Common causes include unclear decision rights, siloed incentives, avoidance of conflict, poor meeting discipline, risk aversion, weak follow-through and over-reliance on the CEO. These create friction, delaying decisions and reducing accountability.
Why is decision-making velocity important for business performance?
Decision-making velocity directly impacts execution, cost and risk.
When decisions are delayed or unclear, organisations miss market opportunities, duplicate effort and misallocate resources. Over time, this reduces performance and increases exposure to risk. Strong decision-making velocity leads to faster execution, clearer accountability and more confident capital allocation.

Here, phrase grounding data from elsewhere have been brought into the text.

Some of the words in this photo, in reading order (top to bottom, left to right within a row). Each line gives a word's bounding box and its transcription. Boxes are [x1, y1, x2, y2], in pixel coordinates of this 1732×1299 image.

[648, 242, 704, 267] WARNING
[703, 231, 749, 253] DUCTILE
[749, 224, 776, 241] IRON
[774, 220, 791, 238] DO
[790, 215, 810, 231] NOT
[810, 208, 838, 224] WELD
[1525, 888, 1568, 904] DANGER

What is the difference between one-way and two-way decisions?
One-way decisions are difficult to reverse and require careful consideration. Examples include entering a new market or launching a major product.
Two-way decisions are reversible and can be tested and adjusted. These should be made more quickly. High-performing teams distinguish between the two, which allows them to move faster without increasing risk.

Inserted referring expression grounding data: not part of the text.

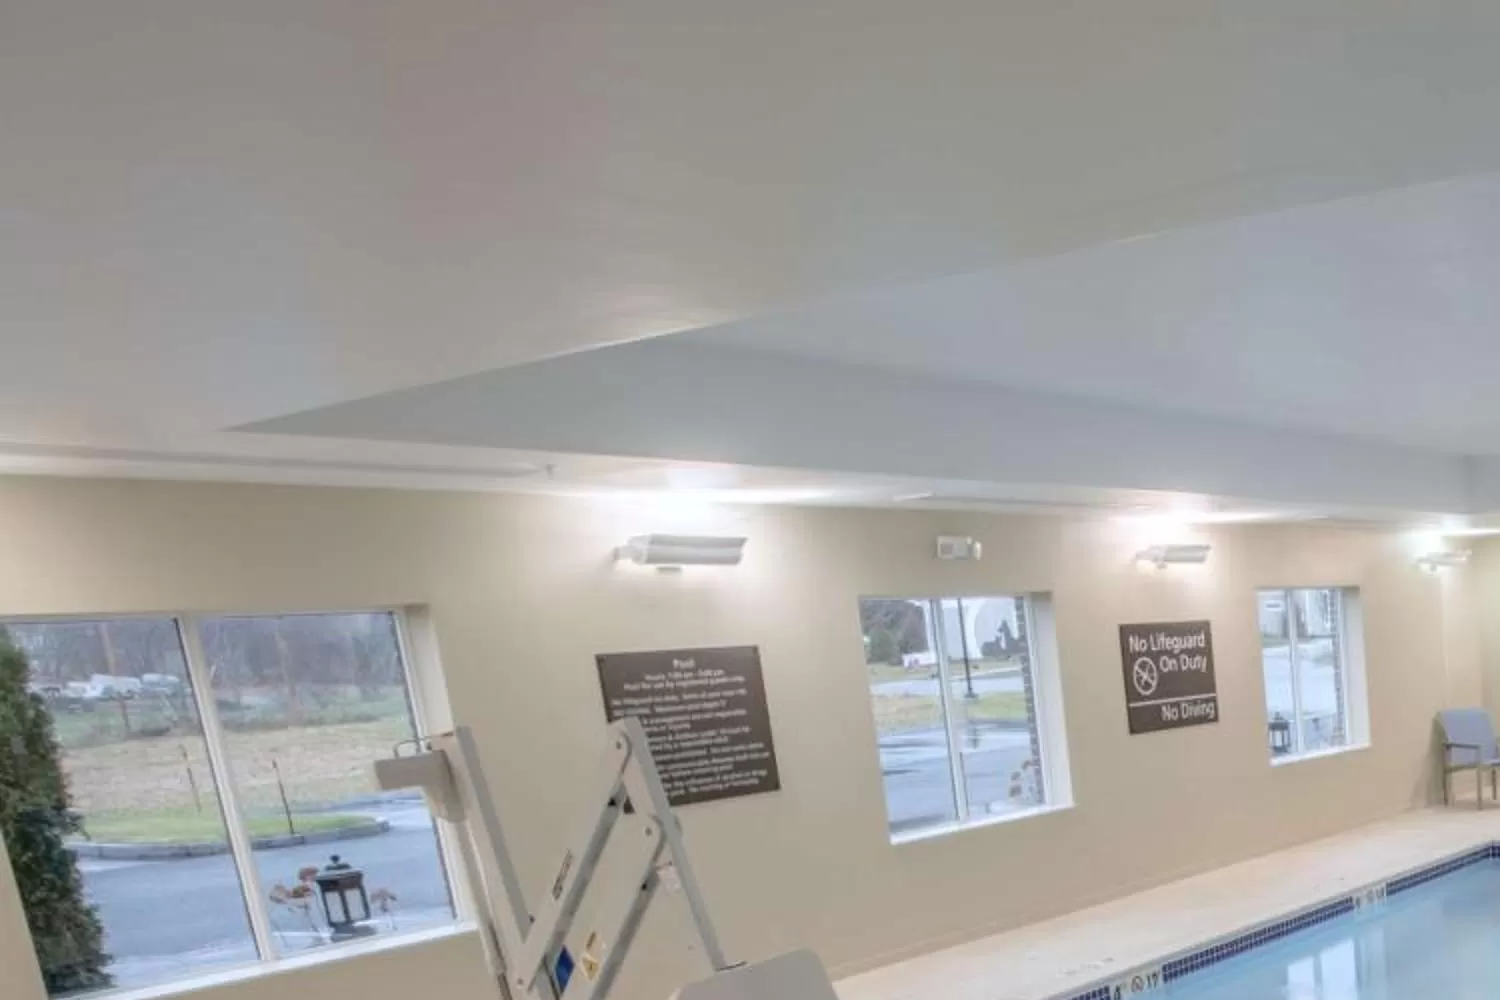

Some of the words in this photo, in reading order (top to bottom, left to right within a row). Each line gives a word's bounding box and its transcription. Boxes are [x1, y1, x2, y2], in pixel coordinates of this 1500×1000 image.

[1129, 635, 1147, 652] No
[1150, 631, 1205, 654] Lifeguard
[1160, 655, 1178, 672] On
[1180, 653, 1207, 673] Duty
[1162, 703, 1179, 721] No
[1181, 701, 1215, 720] Diving

How can executive teams improve decision-making velocity?
Executive teams improve decision-making velocity by changing how they operate.
This includes making decision ownership explicit, separating decision forums from update meetings, encouraging open debate early, limiting agenda items and ensuring decisions are tracked and followed through. These changes reduce friction and improve both speed and quality.
How does leadership behaviour affect decision-making?
Leadership behaviour shapes how decisions are made under pressure.
When leaders avoid conflict, defer to hierarchy or seek consensus too quickly, decision quality drops. False alignment becomes common. High-performing teams create environments where challenge is safe, ownership is clear and decisions are genuinely committed to.
How does decision-making at the executive level affect the wider organisation?
Executive decision-making sets the tone for the organisation.
If decisions at the top are slow or unclear, this cascades into lower levels as delays, duplication and risk avoidance. Over time, this becomes part of the culture. Strong executive decision-making creates clarity, alignment and momentum across the business.